# World Health Organization (WHO) COVID-19 Chatbot

## INDEX: <a class="anchor" id="index"></a>
* [1. Project overview](#first-bullet)
* [2. What is a chatbot?](#second-bullet)
* [3. Data retrival and intents creation](#third-bullet)
    * [Scrapers](#scrapers)
    * [Dataset creation (GUI)](#dataset)
* [4. Data preprocessing](#fourth-bullet)
* [5. Neural Network Architecture](#fifth-bullet)
    * [Classes definition](#network_architecture)
    * [Classes instantiation](#instantiation)
* [6. Training the model](#sixth-bullet)
* [7. Chatting](#seventh-bullet)
    * [Speech Recognition Module](#speech_recognition)
    * [Chatbot GUI](#chatbot_gui)

## 1. Project Overview <a class="anchor" id="first-bullet"></a>
[return to index](#index)

The aim of this project is to create a Support Chatbot able to answer questions concerning COVID-19 virus. All the answers are taken from the <a href="https://www.who.int/emergencies/diseases/novel-coronavirus-2019/question-and-answers-hub/q-a-detail/coronavirus-disease-covid-19"> World Health Organization Frequently Asked Questions (FAQ)</a>. This chatbot relies on Natural Language Processing techniques and machine learning algorithms.

### Modules:
- requests
- BeautifoulSoup
- json
- re
- tkinter
- numpy
- nltk
- torch
- random
- speech_recognition
- string

## 2. What is a Chatbot? <a class="anchor" id="second-bullet"></a>
[return to index](#index)

A chatbot, or chatterBot, is a software developed to simulate a dialog with a human being. Chatbots are used in dialog systems for various purposes including customer service, request routing, or for information gathering.

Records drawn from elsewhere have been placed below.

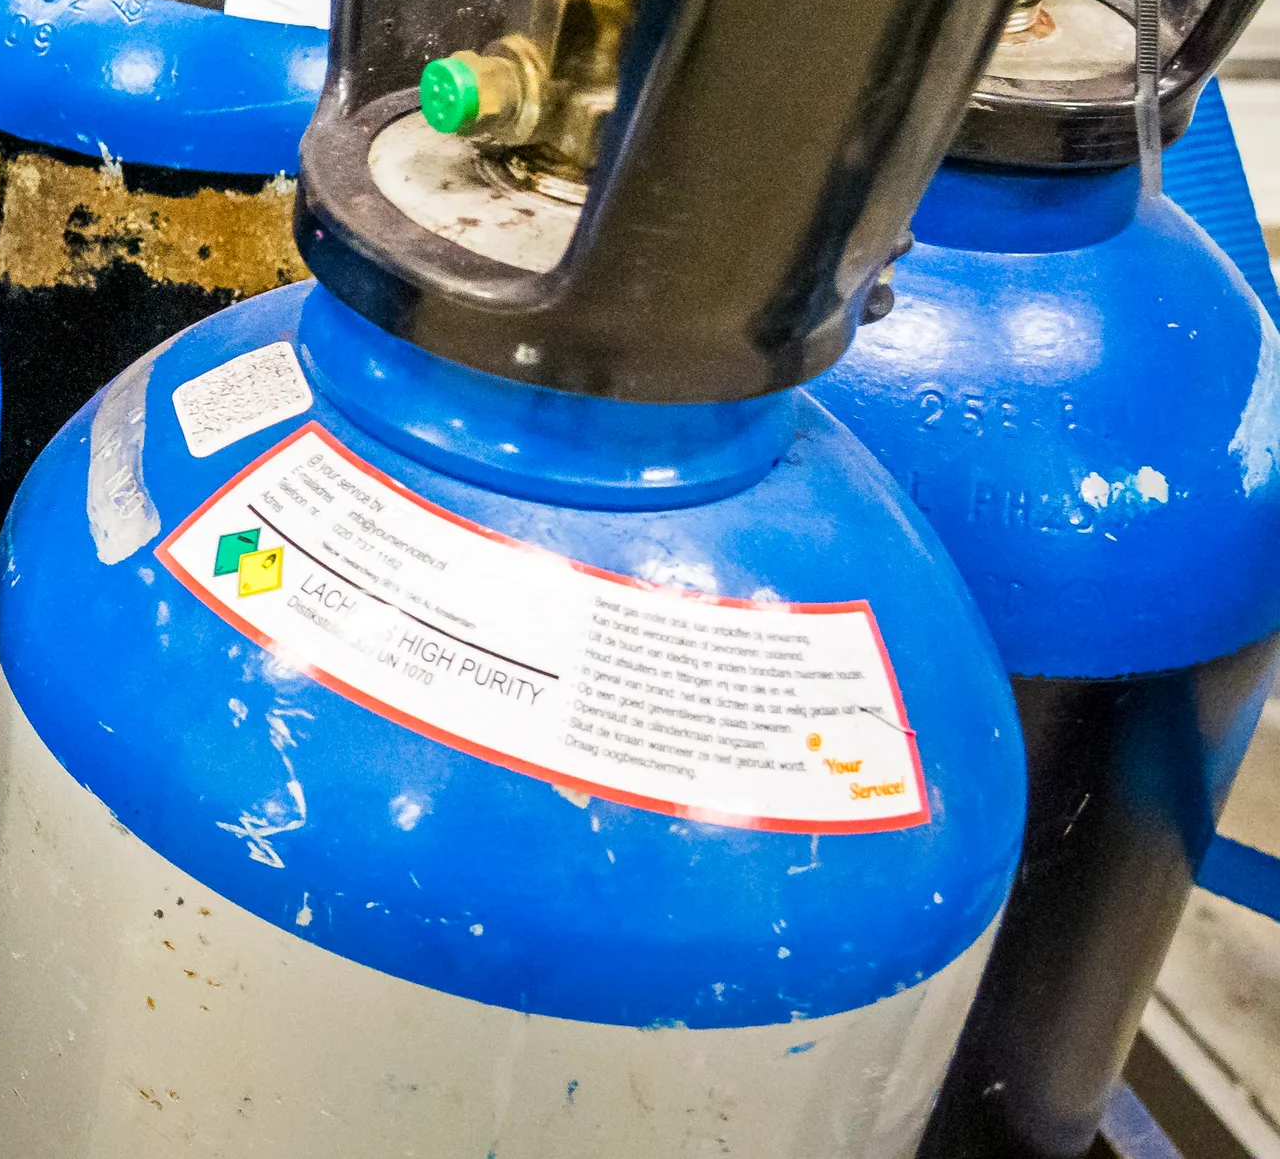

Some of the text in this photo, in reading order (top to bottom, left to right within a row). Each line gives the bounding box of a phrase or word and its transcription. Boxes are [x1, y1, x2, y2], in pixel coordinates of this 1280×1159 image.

[320, 462, 341, 481] your
[337, 477, 370, 504] service
[369, 497, 385, 513] bv
[376, 650, 435, 686] UN 1070
[397, 629, 545, 705] HIGH PURITY
[823, 758, 863, 775] Your
[849, 776, 906, 800] Service!

There are two types of chatbots:
- <b>Rule-Based:</b> chatbots based on pre-set rules to which users question must conform in order to get an answer. Rule-Based chatbots can deal only with simple queries.   
- <b>Self-Learning:</b> chatbots based on Machine Learning approaches to process users's queries. Particularly, Natural Language Processing techniques (NLP) are adopted for this purpose. There are two types of Self-Learning chatbots:
    - <b>Retrieval Based: </b>retrieval-based models that uses some heuristic to select a response from a library of predefined responses.
    - <b>Generative: </b>Generative chatbots are able to generate new answers.

In this project a Retrival Based chatbot has been implemented. 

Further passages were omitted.